• _Work to be completed_: For every entry, reproduce the wording exactly and omit any image it holds.

• _Extracted data_:

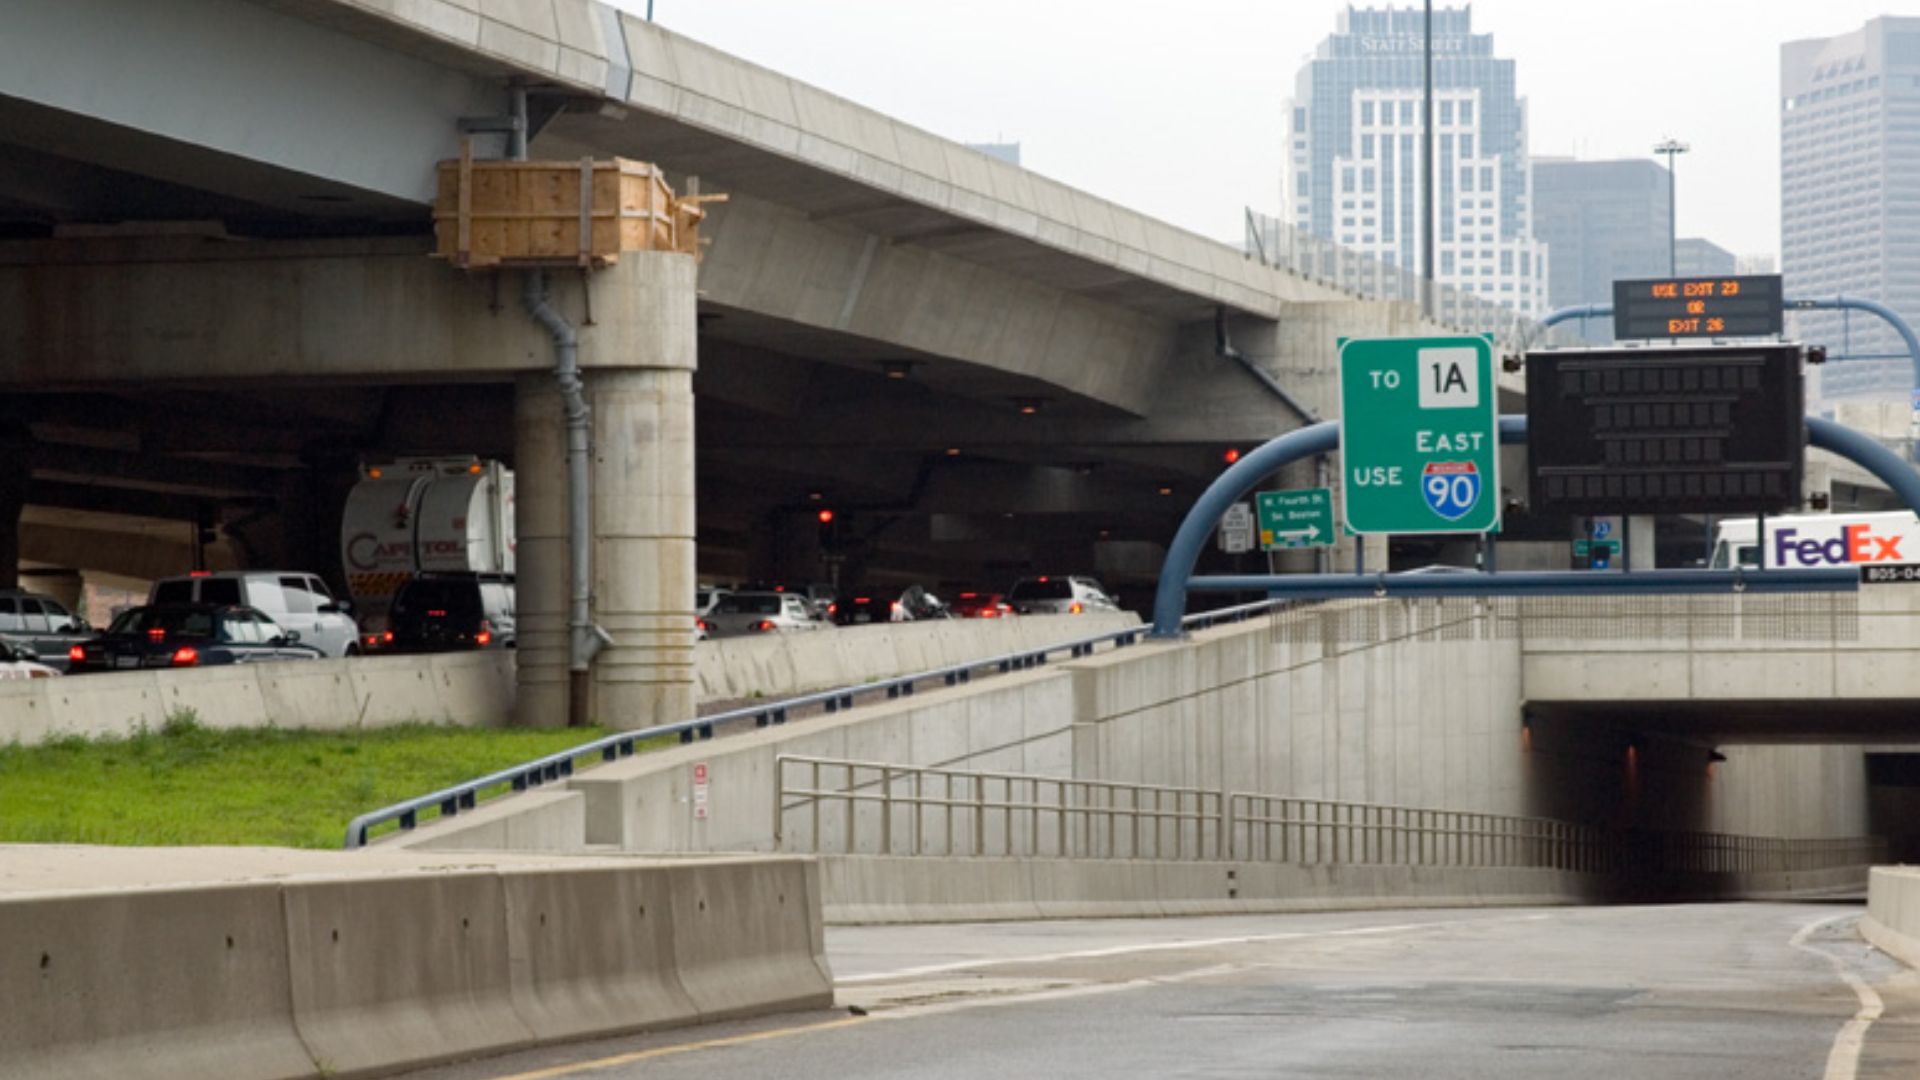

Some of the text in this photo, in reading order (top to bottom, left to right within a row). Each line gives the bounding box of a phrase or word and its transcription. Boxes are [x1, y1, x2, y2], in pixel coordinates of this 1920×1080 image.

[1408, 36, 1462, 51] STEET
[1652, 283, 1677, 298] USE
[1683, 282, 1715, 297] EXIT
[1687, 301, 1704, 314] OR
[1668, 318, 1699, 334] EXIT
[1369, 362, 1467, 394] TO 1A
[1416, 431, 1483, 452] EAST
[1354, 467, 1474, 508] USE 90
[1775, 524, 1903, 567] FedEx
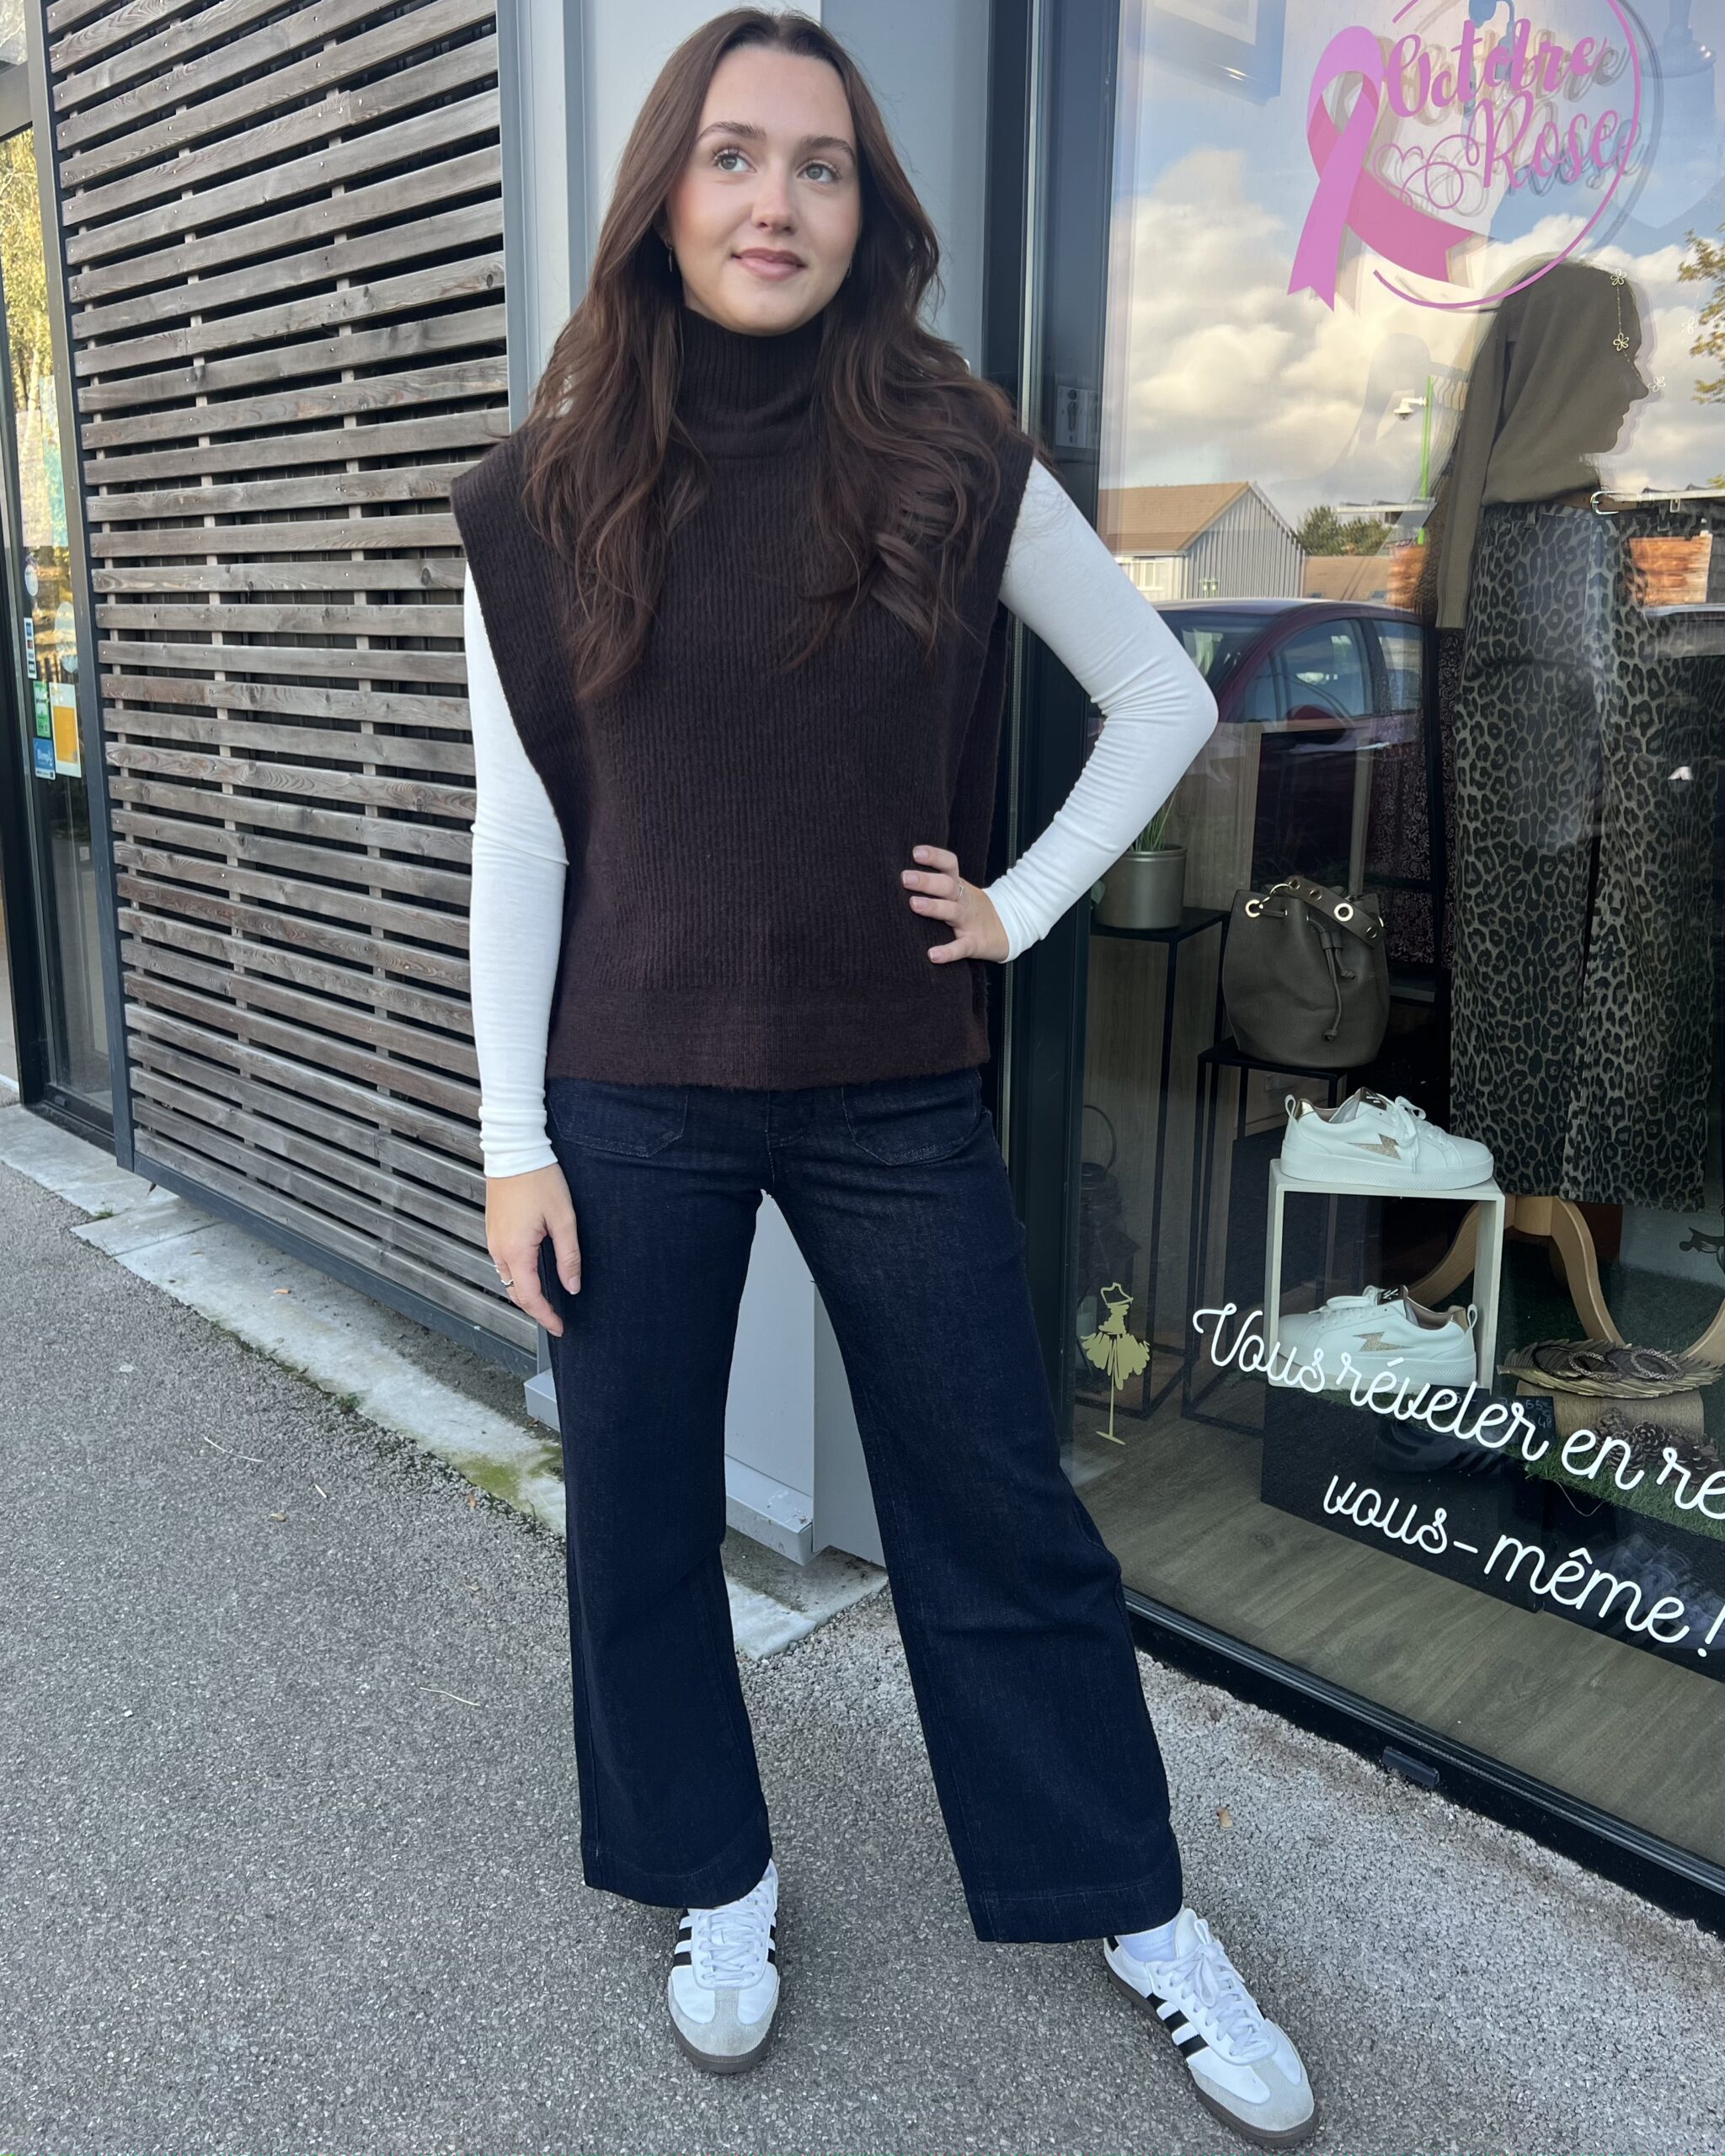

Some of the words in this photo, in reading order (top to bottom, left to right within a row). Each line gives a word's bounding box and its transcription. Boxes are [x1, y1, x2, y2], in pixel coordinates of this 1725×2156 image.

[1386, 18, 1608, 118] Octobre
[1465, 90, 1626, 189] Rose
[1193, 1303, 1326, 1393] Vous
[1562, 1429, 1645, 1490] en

• _Task result_:
Some of the text in this photo, in reading order (top to bottom, left to right within a row). Each line gives the bounding box of a phrase or word and its transcription. Boxes are [x1, y1, x2, y2], in pixel coordinates of this 1920×1080 image.

[1408, 36, 1462, 51] STEET
[1652, 283, 1677, 298] USE
[1683, 282, 1715, 297] EXIT
[1687, 301, 1704, 314] OR
[1668, 318, 1699, 334] EXIT
[1369, 362, 1467, 394] TO 1A
[1416, 431, 1483, 452] EAST
[1354, 467, 1474, 508] USE 90
[1775, 524, 1903, 567] FedEx

Some of the words in this photo, in reading order (top to bottom, left to right within a row). Each line gives a word's bounding box and its transcription. Boxes are [x1, y1, x2, y2], in pixel coordinates of this 1725×2156 image.

[1386, 18, 1608, 118] Octobre
[1465, 90, 1626, 189] Rose
[1193, 1303, 1326, 1393] Vous
[1562, 1429, 1645, 1490] en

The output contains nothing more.